Sweden
From Sawiki
In 1878, Chief of the Staff, Bramwell Booth, vacationing at Värnarmo, south of Jönköping, to stave off a total breakdown in his health, typically found relaxation by conducting a non-stop chain of meetings. Aided by an interpreter, he held one of these meetings in a large room behind Värnarmo's post office. The postmistress, Hanna Ouchterlony, daughter of an old Swedish military family, was to become Sweden's first Salvation Army officer.
Commissioner Ouchterlony officially opened fire for the Army at a Stockholm theatre on the 28th of December 1882. Many well-to-do Swedes were alarmed by the bleary-eyed mobs that gathered to hear the Army's message of salvation.
For twelve long years Commissioner Hanna Ouchterlony and her officers faced fierce oposition to their quest for converts. Fearing riots, the police forbade the Army to hold open air meetings after dusk. Salvationists retaliated by carrying newspapers to the meetings. As long as was light enough to read the headlines, they argued, how could it be dusk?
In 1895, a one time teacher at a school for the deaf, Captain Oktavia Wilkens, realised that many of Stockholm's converts were not only deaf, but were incapable of clear speech. To aid their comprehension of the salvation message, a headquarters waiting room was set aside for Captain Wilkens to hold special meetings. The Salvation Army's first deaf and dumb corps was born.
News of the Army's work for the deaf and dumb struck a sympathetic chord with the liberal minded Swedes, but it was Sweden's King Oscar II who finally gave the Salvation Army resectability and ensured their acceptance. The Army's concern for men entombed while living, so moved him that despite Court officials misgivings he donated 500 kroner (then about £27) to the Self Denial Fund.

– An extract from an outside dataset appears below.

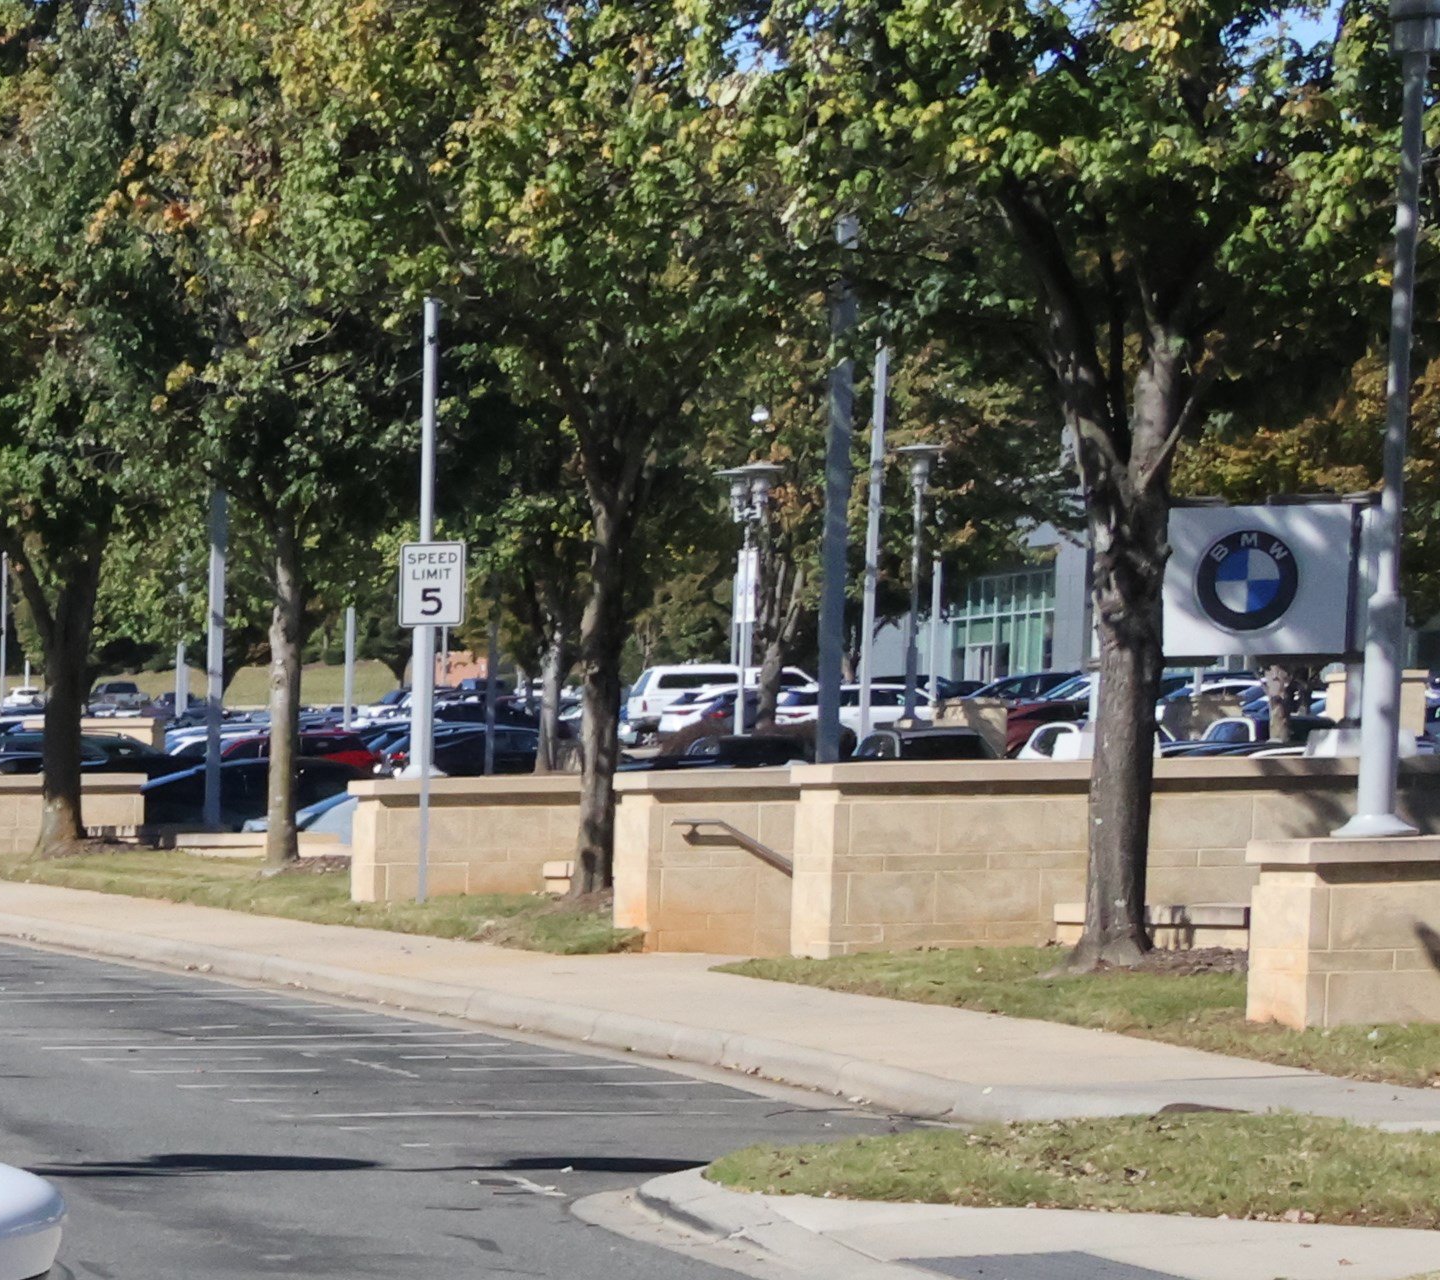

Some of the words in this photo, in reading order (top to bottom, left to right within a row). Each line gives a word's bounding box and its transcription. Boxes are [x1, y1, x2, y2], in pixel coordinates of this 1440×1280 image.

His next gift, which set the Royal Seal on the Army's work, was a plot of land that became an Army wood yard employing 10,000 men a year. Taking the lead from their King, officers of the Swedish Army now cracked to parade ground salutes each time Salvationists passed them on the streets.
One hundred years after Bramwell Booth's fist meeting in Sweden some thirty officers operate from Stockholm and seven provincial cities dedicated to the needs of Sweden's six thousand deaf mutes and eight thousand blind.